I suspect that the majority of knowledge bases authoring alerts or content that might be used within alerts don't market test them in this kind of way. And the reality is that for large amounts of data it may not be sustainable.

Yet it is worth considering how to create quality alerts that are worth the clinicians taking the time to read them!

Dirk Stanley, MD, MPH said...

Hi Dean -

Appreciate your feedback about "correct" versus "incorrect" alerts -

I don't mean to sound like I'm trying to categorize "correct" versus "incorrect" alerts, since I'm not sure how one would define a "correct" alert -

For example, our EMR sometimes warns us about the "Fleet-enema-versus-_______" alert, which sometimes results because Fleet Enemas help wash out the colon - So any drug that is still absorbed in the colon may have a somewhat decreased amount of absorption.

Most docs intuitively look at that as an "incorrect" alert, since it typically bears little clinical relevance, e.g. 1. Most patients only get a fleet enema for a day or two, and 2. The impact of reduced absorption of a drug for a day or two is typically minimal...

But rather than reporting it as an subjective "incorrect alert", it reports it as a more objective "low-risk alert" -

Which, docs often subjectively see as an "incorrect alert" -

So I'm hoping this discussion bears the fruit of a mathematical "litmus test" that can help identify whether there is an objective measurement of alert fatigue.

And so, ideally, I think a CPOE alert strategy should demonstrate a relationship between exposure and outcome. That is :

EXPOSURE = High-risk vs. low-risk alert

OUTCOME = Accepted alert vs. bypassed alert

And so if there is no relationship between exposure and outcome, I would argue that there is alert fatigue.

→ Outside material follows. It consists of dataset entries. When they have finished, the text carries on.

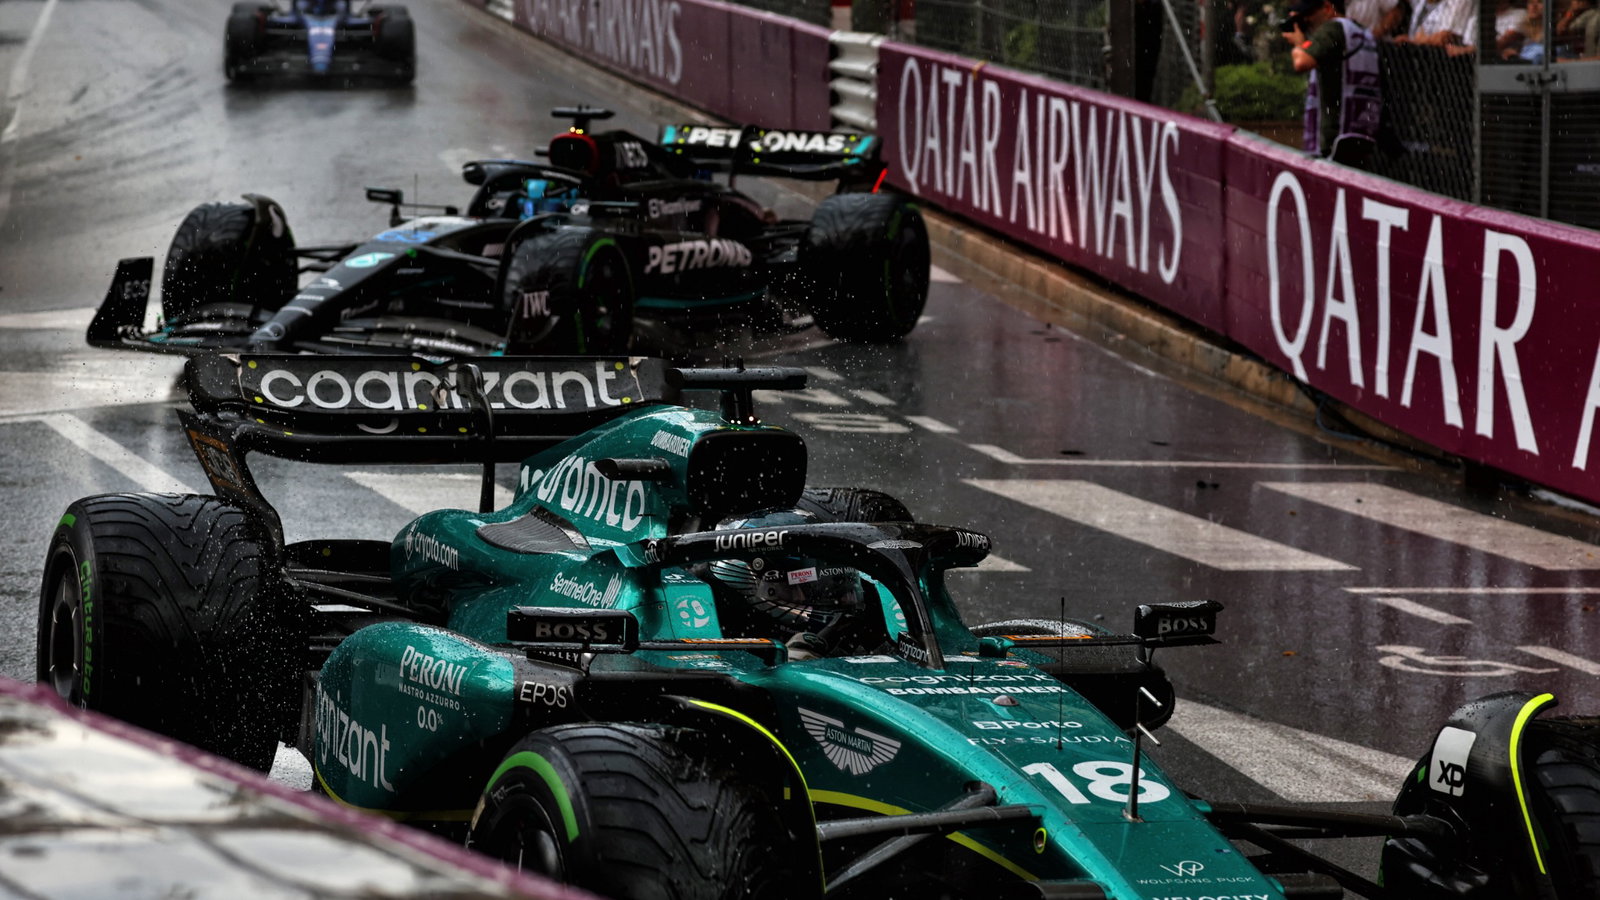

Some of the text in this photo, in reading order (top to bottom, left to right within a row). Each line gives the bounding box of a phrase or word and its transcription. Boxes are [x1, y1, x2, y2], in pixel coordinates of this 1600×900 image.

[687, 128, 846, 151] PETONAS
[900, 57, 1182, 284] QATAR AIRWAYS
[1266, 170, 1540, 455] QATAR
[414, 531, 459, 571] crypto.com
[790, 570, 813, 578] PERONI
[819, 568, 843, 576] ASTON
[550, 572, 602, 607] SentinelOne
[535, 621, 608, 640] BOSS
[1158, 617, 1208, 634] BOSS
[399, 645, 467, 696] PERONI
[859, 674, 1056, 685] cognizant
[398, 682, 460, 711] NASTRO AZZURRO
[519, 681, 567, 708] EPOS
[886, 686, 1068, 695] BOMBARDIER
[417, 705, 444, 732] 0.0%
[826, 728, 872, 753] ASTON MARTIN
[1030, 736, 1132, 744] SAUDIA
[1021, 760, 1171, 804] 18

By putting this into a 2x2 table, it would then allow someone to calculate a NPV, PPV, Sensitivity, Specificity, True Positive, True Negative, correlation coefficient, and p-value - Which are much more helpful in evaluating and guiding a CPOE alert strategy than just physician anecdotes and subjective opinions.

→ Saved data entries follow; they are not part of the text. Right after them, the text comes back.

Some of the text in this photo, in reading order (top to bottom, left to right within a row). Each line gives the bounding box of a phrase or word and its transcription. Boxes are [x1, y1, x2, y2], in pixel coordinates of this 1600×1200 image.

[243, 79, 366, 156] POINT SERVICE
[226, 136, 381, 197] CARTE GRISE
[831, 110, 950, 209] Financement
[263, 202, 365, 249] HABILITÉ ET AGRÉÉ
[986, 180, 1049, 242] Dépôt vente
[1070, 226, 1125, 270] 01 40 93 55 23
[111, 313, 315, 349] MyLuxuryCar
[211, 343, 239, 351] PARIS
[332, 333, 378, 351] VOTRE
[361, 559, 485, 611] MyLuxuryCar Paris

I really like Richard Schreiber's idea of adding a coefficient to help magnify/reduce the exposure/outcome effect... Will chew on that before making a second blog post about this.

Thanks to everyone for your feedback and citations - They are all very-much appreciated. :)

- Dirk ;)

Eric said...

Hi Dirk,

I enjoyed this post. I shared it with the pharmacy informatics class that I teach, it happened to coincide with the inclass topic, and worked well to share your examples. Thanks!

Eric

John Horn, PharmD, FCCP said...

Dirk, well stated. Alert fatigue is a problem that can be solved. We have done drug interaction database customization for institutions who wish to reduce the number of inappropriate alerts. We do this by defining potential interactions that can cause harm and thus have excessive risk/benefit ratios. We employ our ORCA classification system for drug interactions. Typically we reduce the severity rating of about 70% of the vendor's database. The result is fewer alerts with few false-positives.
John Horn, PharmD

Jr. Williams said...

I understand your proof, and even appreciate Really great..

Best Factor

Unknown said...

This was helpful. The problem is real and hard to define. I think EMRs should have a way of measuring this for each user automatically and report it in a dashboard to the admin team. One trick can be putting two or more options for the button that bypasses the alert: "acknowledged, helpful" & "acknowledged, not helpful." Also one could study how much the alert delayed the response as a fraction of time the specific user takes to pass a similar screen in the same EMR as a measure of user cognitive engagement.